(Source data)

---------------

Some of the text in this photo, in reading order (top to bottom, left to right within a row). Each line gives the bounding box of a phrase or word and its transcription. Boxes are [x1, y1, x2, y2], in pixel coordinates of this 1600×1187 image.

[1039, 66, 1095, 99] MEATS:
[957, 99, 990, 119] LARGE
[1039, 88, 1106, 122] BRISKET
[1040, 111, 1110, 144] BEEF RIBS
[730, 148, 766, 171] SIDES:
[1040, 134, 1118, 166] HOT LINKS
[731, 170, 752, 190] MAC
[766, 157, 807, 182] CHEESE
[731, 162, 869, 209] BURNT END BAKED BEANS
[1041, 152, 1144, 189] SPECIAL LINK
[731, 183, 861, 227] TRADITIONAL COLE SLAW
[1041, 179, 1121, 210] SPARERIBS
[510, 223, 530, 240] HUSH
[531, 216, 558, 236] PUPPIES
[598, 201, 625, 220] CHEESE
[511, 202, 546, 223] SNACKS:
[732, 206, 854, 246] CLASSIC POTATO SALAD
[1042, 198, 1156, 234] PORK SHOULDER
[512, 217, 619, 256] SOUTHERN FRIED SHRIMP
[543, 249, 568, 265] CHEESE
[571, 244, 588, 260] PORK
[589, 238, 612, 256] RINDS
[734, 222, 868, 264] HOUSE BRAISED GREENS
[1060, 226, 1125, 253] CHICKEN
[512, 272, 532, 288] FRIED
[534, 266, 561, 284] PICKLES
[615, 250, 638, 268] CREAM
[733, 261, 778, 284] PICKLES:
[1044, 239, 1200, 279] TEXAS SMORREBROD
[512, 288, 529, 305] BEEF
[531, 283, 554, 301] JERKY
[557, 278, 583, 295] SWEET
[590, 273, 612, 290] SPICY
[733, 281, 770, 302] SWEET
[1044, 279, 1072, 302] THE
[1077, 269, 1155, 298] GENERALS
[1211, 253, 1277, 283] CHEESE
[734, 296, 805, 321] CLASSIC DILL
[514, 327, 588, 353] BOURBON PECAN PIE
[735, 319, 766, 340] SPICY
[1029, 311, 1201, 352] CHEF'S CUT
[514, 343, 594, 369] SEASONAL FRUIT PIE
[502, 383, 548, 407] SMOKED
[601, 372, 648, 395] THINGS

---------------

> [EXERCISE PROMPT]: However many lines the data holds, return each one exactly.

> [WRITTEN RESPONSE]:
Some of the text in this photo, in reading order (top to bottom, left to right within a row). Each line gives the bounding box of a phrase or word and its transcription. Boxes are [x1, y1, x2, y2], in pixel coordinates of this 1600×1187 image.

[1039, 66, 1095, 99] MEATS:
[957, 99, 990, 119] LARGE
[1039, 88, 1106, 122] BRISKET
[1040, 111, 1110, 144] BEEF RIBS
[730, 148, 766, 171] SIDES:
[1040, 134, 1118, 166] HOT LINKS
[731, 170, 752, 190] MAC
[766, 157, 807, 182] CHEESE
[731, 162, 869, 209] BURNT END BAKED BEANS
[1041, 152, 1144, 189] SPECIAL LINK
[731, 183, 861, 227] TRADITIONAL COLE SLAW
[1041, 179, 1121, 210] SPARERIBS
[510, 223, 530, 240] HUSH
[531, 216, 558, 236] PUPPIES
[598, 201, 625, 220] CHEESE
[511, 202, 546, 223] SNACKS:
[732, 206, 854, 246] CLASSIC POTATO SALAD
[1042, 198, 1156, 234] PORK SHOULDER
[512, 217, 619, 256] SOUTHERN FRIED SHRIMP
[543, 249, 568, 265] CHEESE
[571, 244, 588, 260] PORK
[589, 238, 612, 256] RINDS
[734, 222, 868, 264] HOUSE BRAISED GREENS
[1060, 226, 1125, 253] CHICKEN
[512, 272, 532, 288] FRIED
[534, 266, 561, 284] PICKLES
[615, 250, 638, 268] CREAM
[733, 261, 778, 284] PICKLES:
[1044, 239, 1200, 279] TEXAS SMORREBROD
[512, 288, 529, 305] BEEF
[531, 283, 554, 301] JERKY
[557, 278, 583, 295] SWEET
[590, 273, 612, 290] SPICY
[733, 281, 770, 302] SWEET
[1044, 279, 1072, 302] THE
[1077, 269, 1155, 298] GENERALS
[1211, 253, 1277, 283] CHEESE
[734, 296, 805, 321] CLASSIC DILL
[514, 327, 588, 353] BOURBON PECAN PIE
[735, 319, 766, 340] SPICY
[1029, 311, 1201, 352] CHEF'S CUT
[514, 343, 594, 369] SEASONAL FRUIT PIE
[502, 383, 548, 407] SMOKED
[601, 372, 648, 395] THINGS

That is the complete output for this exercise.